[Extracted records]
━━━━━━━━━━━━━━━━━━━━━━━━━━━━━━
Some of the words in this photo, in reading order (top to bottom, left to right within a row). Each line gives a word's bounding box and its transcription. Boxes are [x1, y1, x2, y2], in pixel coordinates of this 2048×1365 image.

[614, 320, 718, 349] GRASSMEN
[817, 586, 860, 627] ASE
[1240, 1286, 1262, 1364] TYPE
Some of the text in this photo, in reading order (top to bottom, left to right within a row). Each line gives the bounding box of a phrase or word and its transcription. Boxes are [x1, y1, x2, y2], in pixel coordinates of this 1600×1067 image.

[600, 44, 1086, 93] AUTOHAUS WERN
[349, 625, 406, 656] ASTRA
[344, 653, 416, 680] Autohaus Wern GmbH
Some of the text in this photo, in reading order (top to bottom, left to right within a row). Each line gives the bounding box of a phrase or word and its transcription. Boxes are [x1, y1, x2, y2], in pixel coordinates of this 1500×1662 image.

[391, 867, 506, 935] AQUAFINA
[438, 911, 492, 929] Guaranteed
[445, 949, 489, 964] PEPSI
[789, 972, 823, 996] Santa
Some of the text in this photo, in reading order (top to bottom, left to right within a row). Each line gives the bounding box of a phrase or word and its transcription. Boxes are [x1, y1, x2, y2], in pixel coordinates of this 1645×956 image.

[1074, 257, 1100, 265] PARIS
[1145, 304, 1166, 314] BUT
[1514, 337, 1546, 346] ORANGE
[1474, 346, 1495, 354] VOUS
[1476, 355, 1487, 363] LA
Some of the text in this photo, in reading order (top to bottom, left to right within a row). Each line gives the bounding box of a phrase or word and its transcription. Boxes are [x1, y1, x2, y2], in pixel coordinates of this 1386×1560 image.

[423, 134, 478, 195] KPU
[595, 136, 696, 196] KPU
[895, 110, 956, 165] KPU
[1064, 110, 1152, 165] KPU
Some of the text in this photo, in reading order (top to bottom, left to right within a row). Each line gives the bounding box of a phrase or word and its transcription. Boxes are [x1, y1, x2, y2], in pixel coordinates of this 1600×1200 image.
━━━━━━━━━━━━━━━━━━━━━━━━━━━━━━
The records above are to be given again in full, exactly.

Some of the words in this photo, in reading order (top to bottom, left to right within a row). Each line gives a word's bounding box and its transcription. Boxes are [x1, y1, x2, y2], in pixel coordinates of this 2048×1365 image.

[614, 320, 718, 349] GRASSMEN
[817, 586, 860, 627] ASE
[1240, 1286, 1262, 1364] TYPE
Some of the text in this photo, in reading order (top to bottom, left to right within a row). Each line gives the bounding box of a phrase or word and its transcription. Boxes are [x1, y1, x2, y2], in pixel coordinates of this 1600×1067 image.

[600, 44, 1086, 93] AUTOHAUS WERN
[349, 625, 406, 656] ASTRA
[344, 653, 416, 680] Autohaus Wern GmbH
Some of the text in this photo, in reading order (top to bottom, left to right within a row). Each line gives the bounding box of a phrase or word and its transcription. Boxes are [x1, y1, x2, y2], in pixel coordinates of this 1500×1662 image.

[391, 867, 506, 935] AQUAFINA
[438, 911, 492, 929] Guaranteed
[445, 949, 489, 964] PEPSI
[789, 972, 823, 996] Santa
Some of the text in this photo, in reading order (top to bottom, left to right within a row). Each line gives the bounding box of a phrase or word and its transcription. Boxes are [x1, y1, x2, y2], in pixel coordinates of this 1645×956 image.

[1074, 257, 1100, 265] PARIS
[1145, 304, 1166, 314] BUT
[1514, 337, 1546, 346] ORANGE
[1474, 346, 1495, 354] VOUS
[1476, 355, 1487, 363] LA
Some of the text in this photo, in reading order (top to bottom, left to right within a row). Each line gives the bounding box of a phrase or word and its transcription. Boxes are [x1, y1, x2, y2], in pixel coordinates of this 1386×1560 image.

[423, 134, 478, 195] KPU
[595, 136, 696, 196] KPU
[895, 110, 956, 165] KPU
[1064, 110, 1152, 165] KPU
Some of the text in this photo, in reading order (top to bottom, left to right within a row). Each line gives the bounding box of a phrase or word and its transcription. Boxes are [x1, y1, x2, y2], in pixel coordinates of this 1600×1200 image.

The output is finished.